The Jacobian matrix is a matrix of all first-order partial derivatives of a function, in the form of:
$$ \frac{d\mathbf{y}}{d\mathbf{x}}= \begin{bmatrix} \frac{\partial y_1}{\partial x_1} & \frac{\partial y_1}{\partial x_2} & \cdots & \frac{\partial y_1}{\partial x_n} \\ \frac{\partial y_2}{\partial x_1} & \frac{\partial y_2}{\partial x_2} & \cdots & \frac{\partial y_2}{\partial x_n} \\ \vdots & \vdots & \ddots & \vdots \\ \frac{\partial y_m}{\partial x_1} & \frac{\partial y_m}{\partial x_2} & \cdots & \frac{\partial y_m}{\partial x_n} \end{bmatrix} $$
Here, $\mathbf{y}$ represents a multidimensional vector function of $\mathbf{x}$, indicating the influence of each input on each output. In the straightforward case of $\mathbf{y} = \mathbf{W}\mathbf{x}$, deriving the Jacobian matrix is straightforward, as it is simply $\mathbf{W}$.

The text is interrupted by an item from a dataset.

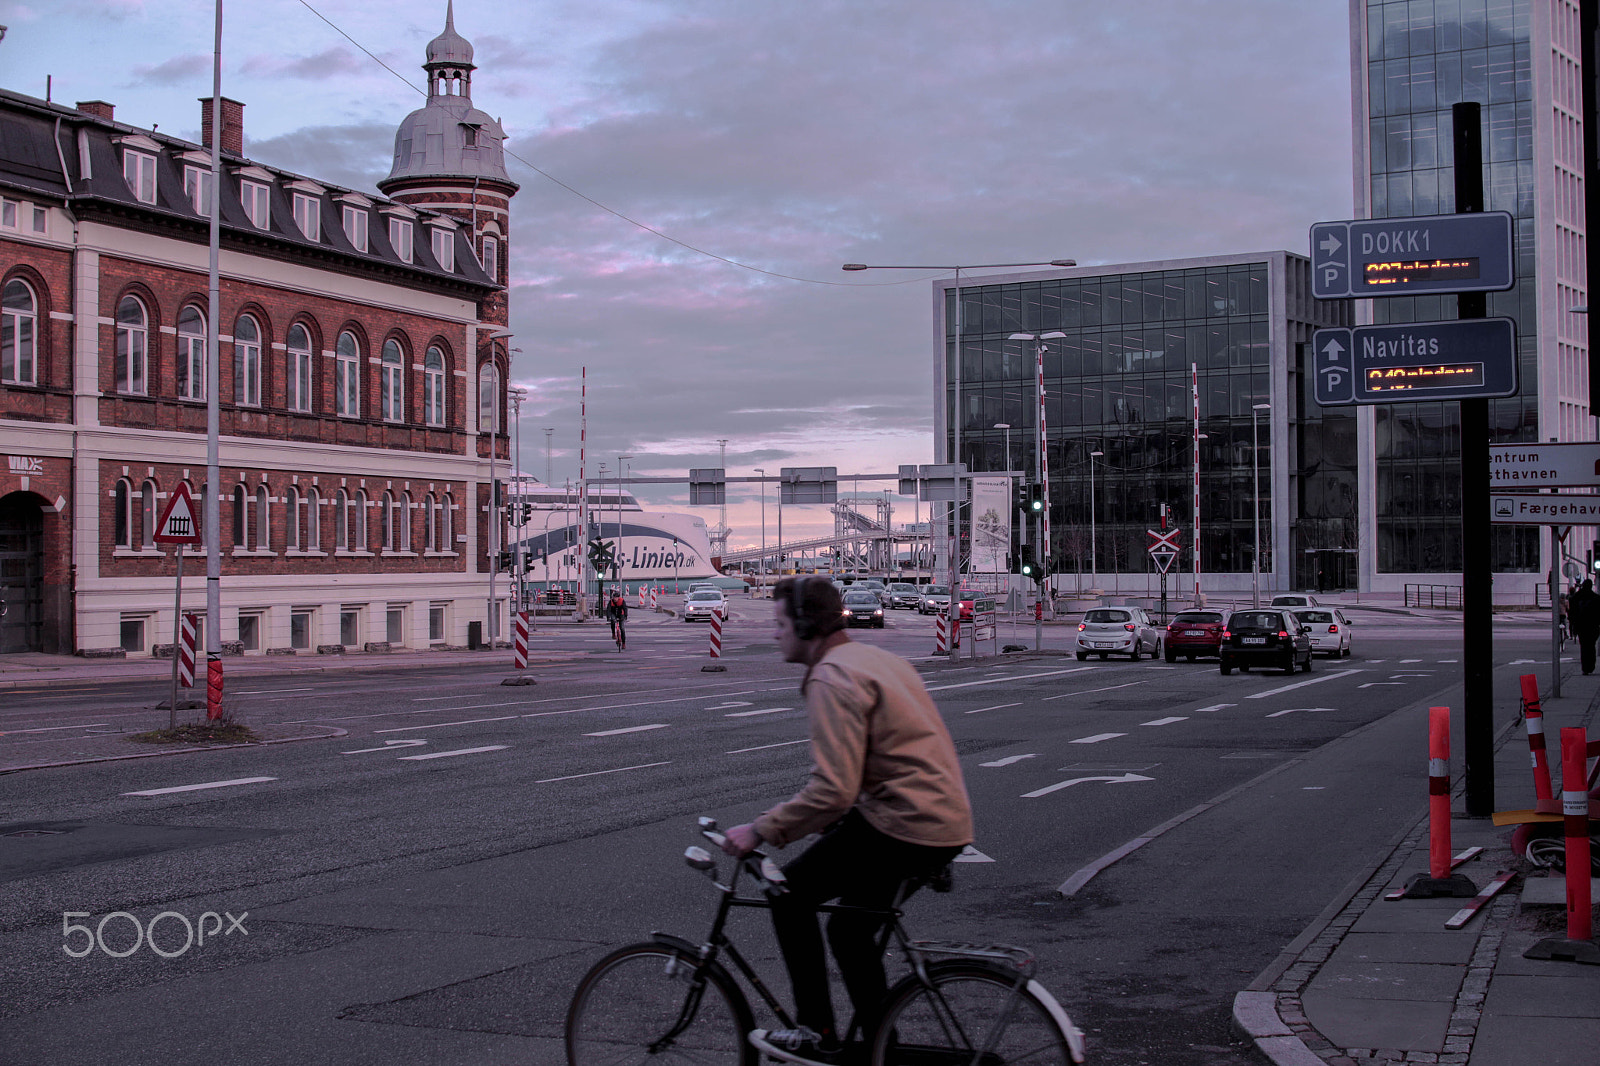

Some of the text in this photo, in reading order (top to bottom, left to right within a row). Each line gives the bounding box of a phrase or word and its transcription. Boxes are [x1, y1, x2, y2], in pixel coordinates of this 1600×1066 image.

Example: If we have a function:
$$ \mathbf{y} =\begin{bmatrix}y_1 \\y_2\end{bmatrix}\quad \text{where } y_1 = x_1^2 + x_2, \quad y_2 = \sin(x_1 x_2), $$
Then the Jacobian matrix is:
$$ \frac{d\mathbf{y}}{d\mathbf{x}}=\begin{bmatrix}\frac{\partial (x_1^2 + x_2)}{\partial x_1} & \frac{\partial (x_1^2 + x_2)}{\partial x_2} \\\frac{\partial \sin(x_1 x_2)}{\partial x_1} & \frac{\partial \sin(x_1 x_2)}{\partial x_2}\end{bmatrix}=\begin{bmatrix}2x_1 & 1 \\x_2 \cos(x_1 x_2) & x_1 \cos(x_1 x_2)\end{bmatrix} $$
This Jacobian matrix provides insight into how changes in the input $\mathbf{x}$ affect the output $\mathbf{y}$ locally in a linearized sense.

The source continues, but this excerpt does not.